### PROBLEM:
Would you please restate the data exactly as it stands, apart from the pictures?
· · · · ·
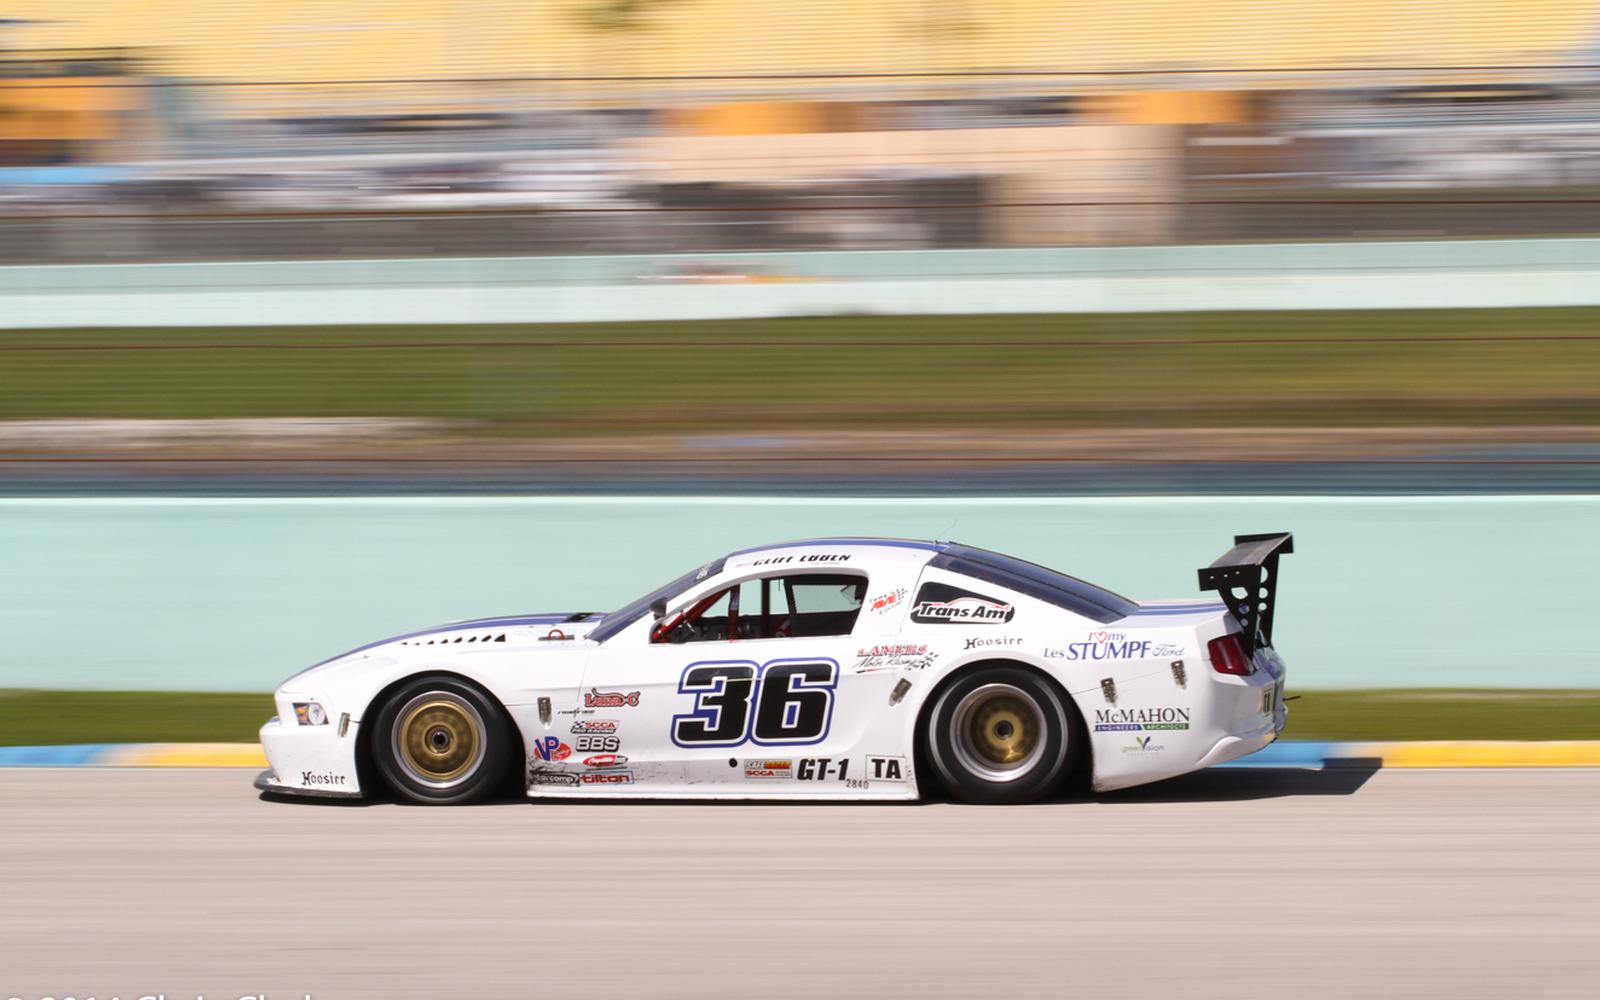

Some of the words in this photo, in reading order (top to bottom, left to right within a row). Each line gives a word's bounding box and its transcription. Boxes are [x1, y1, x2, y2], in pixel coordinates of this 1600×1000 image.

[919, 602, 969, 617] Trans
[971, 605, 1006, 618] Am
[963, 636, 1023, 650] Hoosier
[1088, 632, 1093, 641] I
[1108, 632, 1127, 643] my
[1044, 647, 1066, 658] Les
[1066, 640, 1152, 660] STUMPF
[1152, 644, 1185, 657] Ford
[670, 656, 840, 749] 36
[1095, 708, 1190, 723] McMAHON
[585, 721, 616, 729] SCCA
[534, 736, 560, 761] VP
[576, 736, 620, 752] BBS
[797, 758, 850, 781] GT-1
[871, 758, 902, 779] TA
[301, 771, 346, 785] Hoosier
[581, 774, 630, 783] tilton
[846, 778, 869, 789] 2840
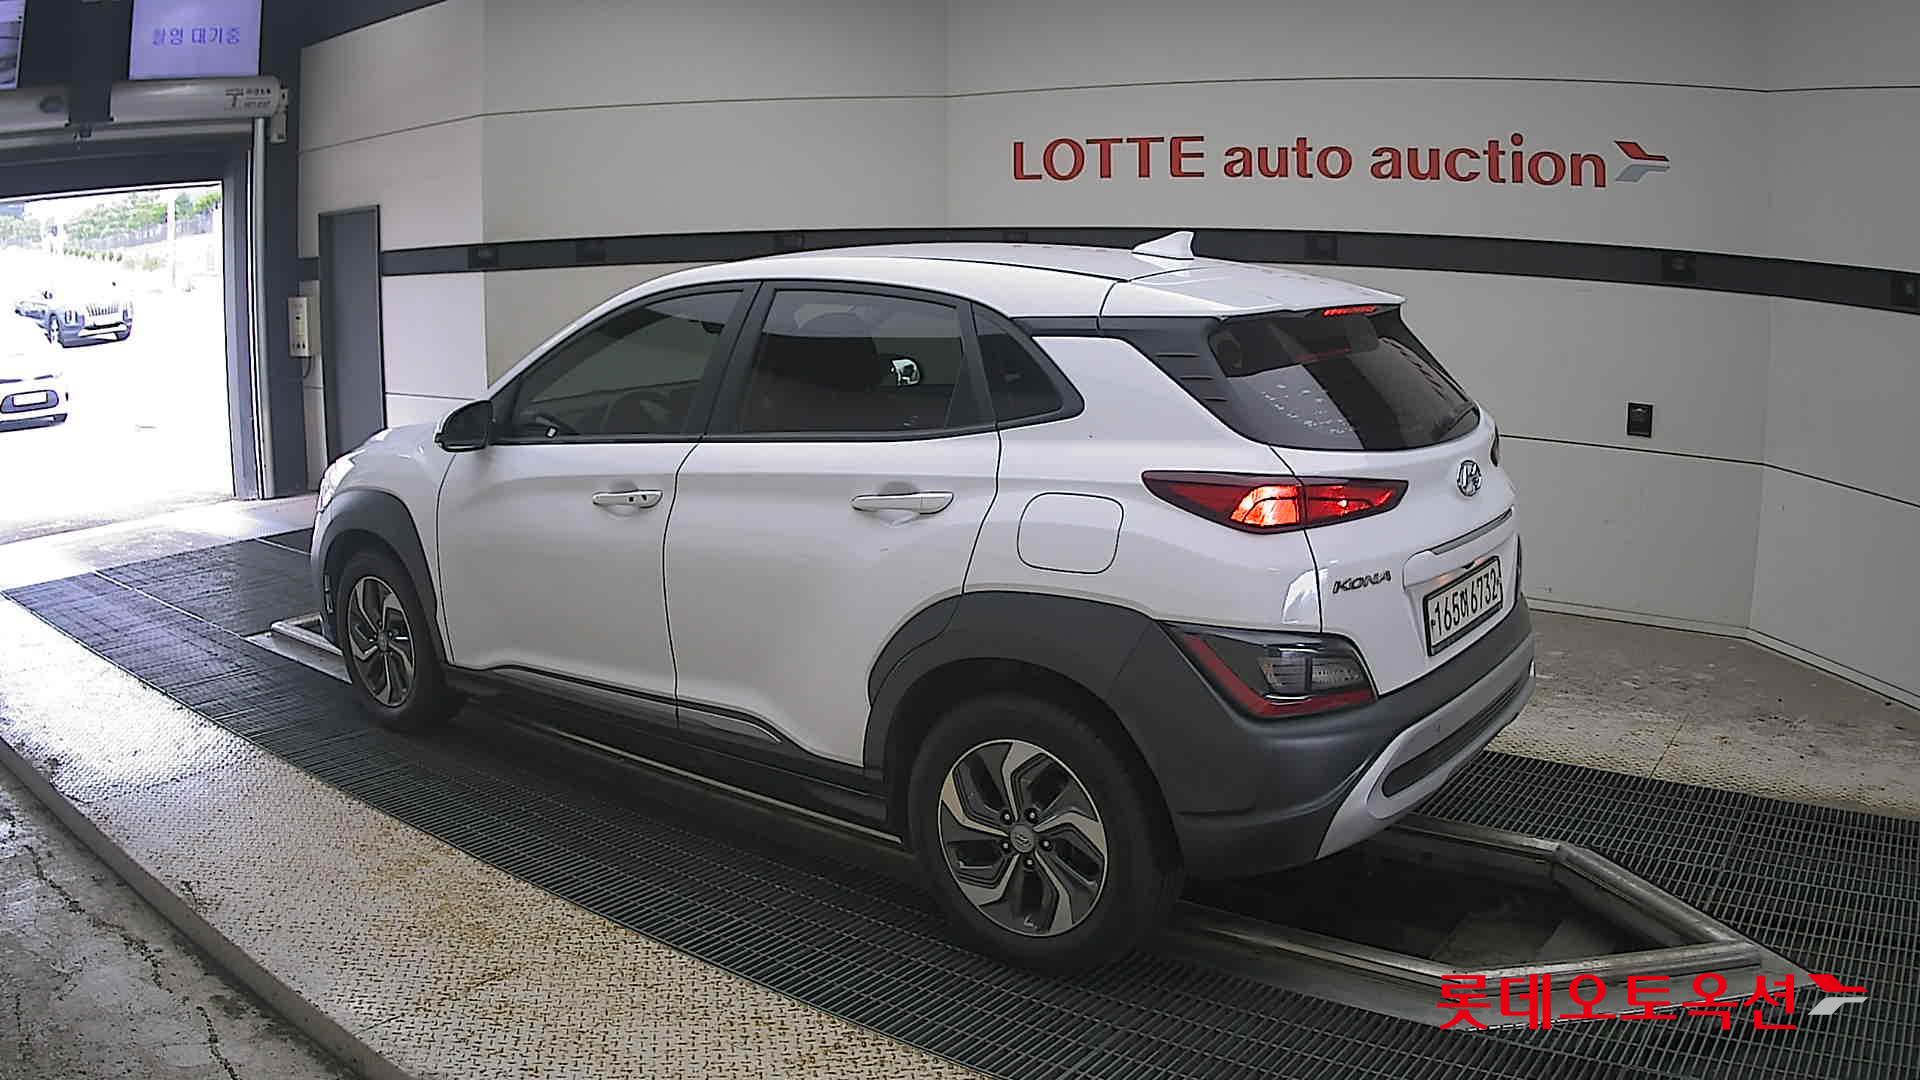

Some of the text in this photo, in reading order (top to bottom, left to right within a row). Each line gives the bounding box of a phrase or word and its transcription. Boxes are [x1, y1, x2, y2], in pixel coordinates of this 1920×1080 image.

[1013, 134, 1607, 188] LOTTE auto auction
[1333, 570, 1392, 594] KONA
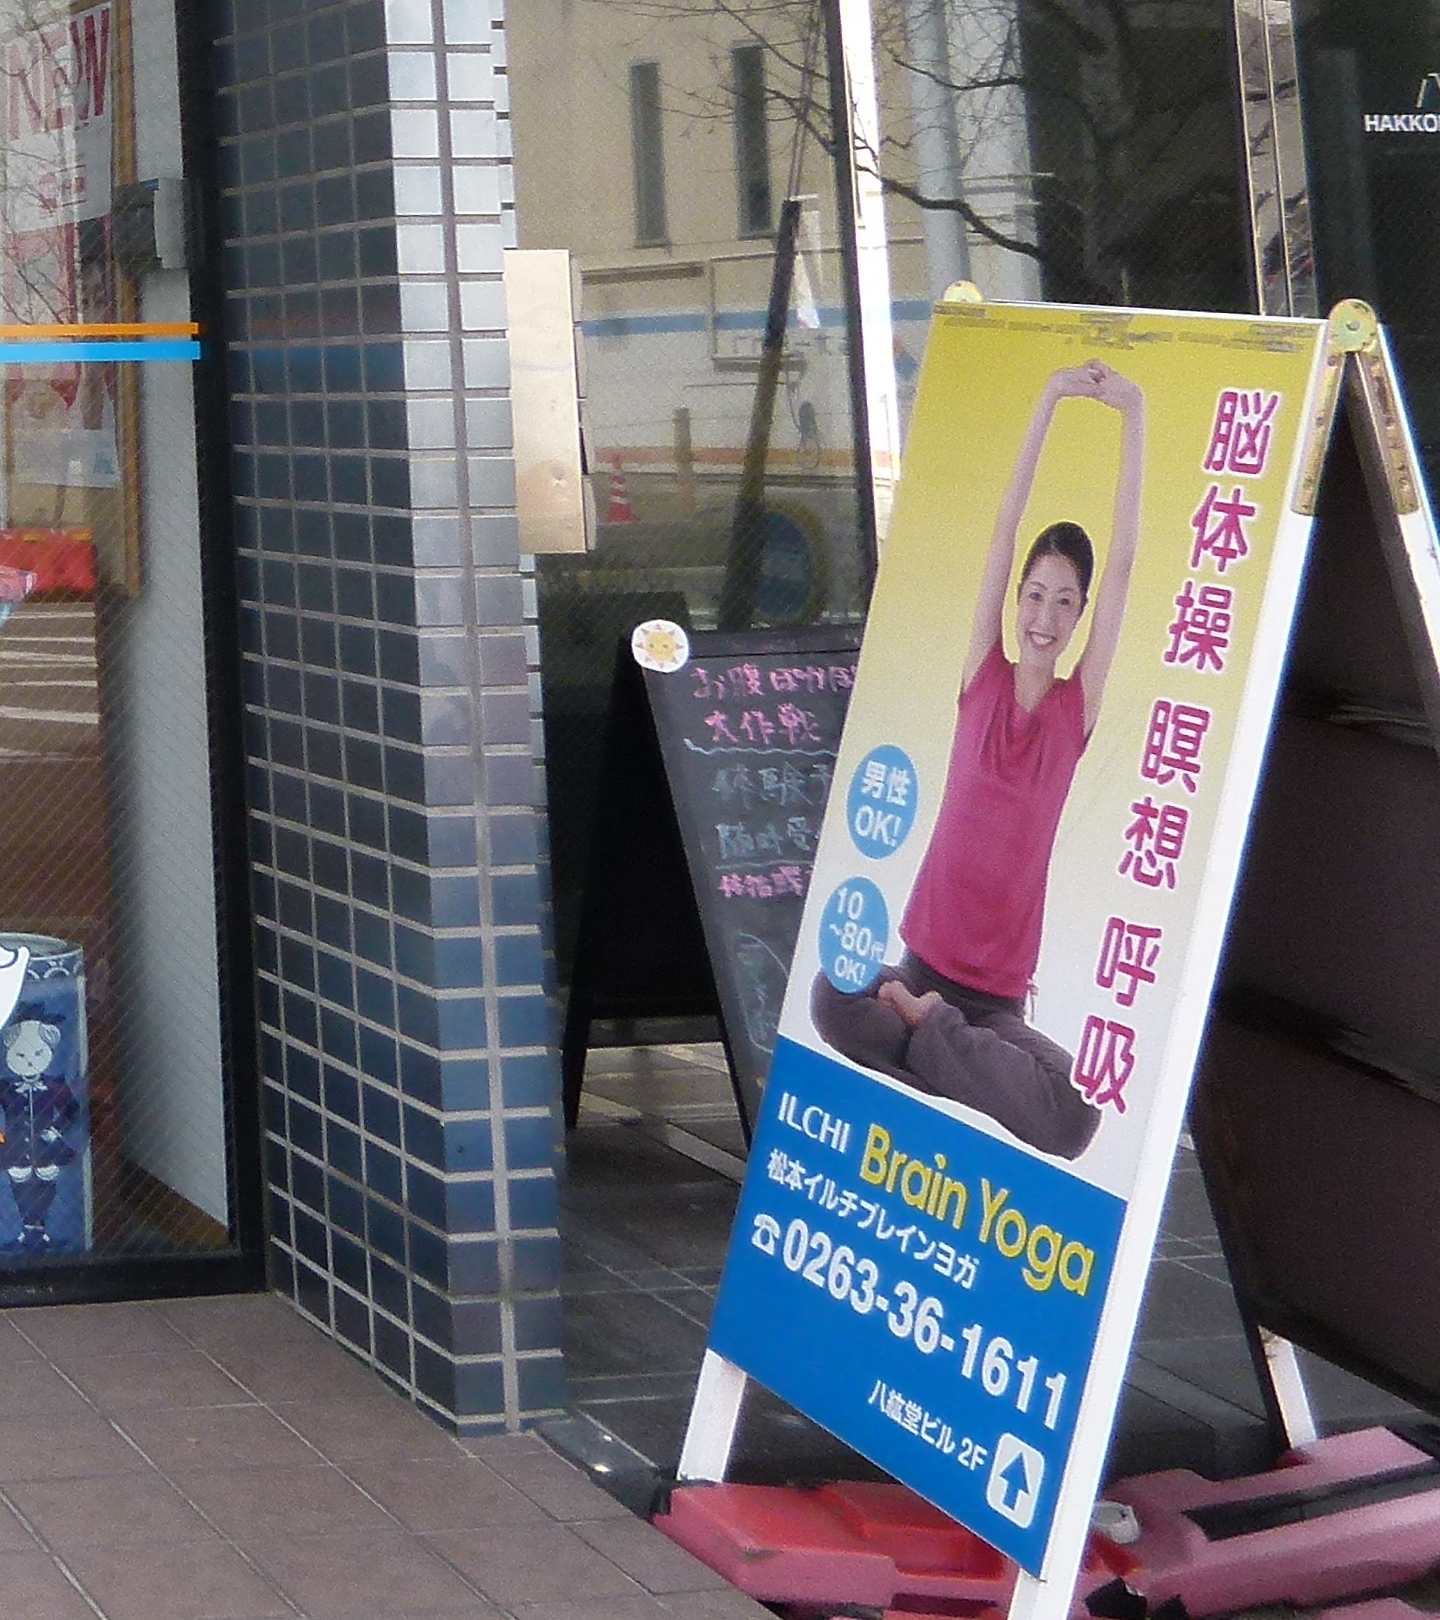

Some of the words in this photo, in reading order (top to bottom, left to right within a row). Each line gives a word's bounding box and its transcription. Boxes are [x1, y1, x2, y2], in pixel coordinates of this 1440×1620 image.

[1163, 390, 1279, 671] 脳体操
[854, 804, 903, 848] OK!
[861, 759, 911, 808] 男性
[1118, 699, 1211, 890] 瞑想
[833, 954, 867, 987] OK!
[837, 887, 864, 921] 10
[1073, 916, 1163, 1115] 呼吸
[766, 1149, 981, 1291] 松本イルチブレインヨガ
[777, 1091, 851, 1153] ILCHI
[858, 1123, 969, 1230] Brain
[978, 1177, 1096, 1297] Yoga
[783, 1217, 1066, 1430] 0263-36-1611
[958, 1437, 988, 1472] 2F
· · · · ·
### ANSWER TO THE PROBLEM:
Some of the words in this photo, in reading order (top to bottom, left to right within a row). Each line gives a word's bounding box and its transcription. Boxes are [x1, y1, x2, y2], in pixel coordinates of this 1600×1000 image.

[919, 602, 969, 617] Trans
[971, 605, 1006, 618] Am
[963, 636, 1023, 650] Hoosier
[1088, 632, 1093, 641] I
[1108, 632, 1127, 643] my
[1044, 647, 1066, 658] Les
[1066, 640, 1152, 660] STUMPF
[1152, 644, 1185, 657] Ford
[670, 656, 840, 749] 36
[1095, 708, 1190, 723] McMAHON
[585, 721, 616, 729] SCCA
[534, 736, 560, 761] VP
[576, 736, 620, 752] BBS
[797, 758, 850, 781] GT-1
[871, 758, 902, 779] TA
[301, 771, 346, 785] Hoosier
[581, 774, 630, 783] tilton
[846, 778, 869, 789] 2840

Some of the text in this photo, in reading order (top to bottom, left to right within a row). Each line gives the bounding box of a phrase or word and its transcription. Boxes are [x1, y1, x2, y2], in pixel coordinates of this 1920×1080 image.

[1013, 134, 1607, 188] LOTTE auto auction
[1333, 570, 1392, 594] KONA

Some of the words in this photo, in reading order (top to bottom, left to right within a row). Each line gives a word's bounding box and its transcription. Boxes are [x1, y1, x2, y2], in pixel coordinates of this 1440×1620 image.

[1163, 390, 1279, 671] 脳体操
[854, 804, 903, 848] OK!
[861, 759, 911, 808] 男性
[1118, 699, 1211, 890] 瞑想
[833, 954, 867, 987] OK!
[837, 887, 864, 921] 10
[1073, 916, 1163, 1115] 呼吸
[766, 1149, 981, 1291] 松本イルチブレインヨガ
[777, 1091, 851, 1153] ILCHI
[858, 1123, 969, 1230] Brain
[978, 1177, 1096, 1297] Yoga
[783, 1217, 1066, 1430] 0263-36-1611
[958, 1437, 988, 1472] 2F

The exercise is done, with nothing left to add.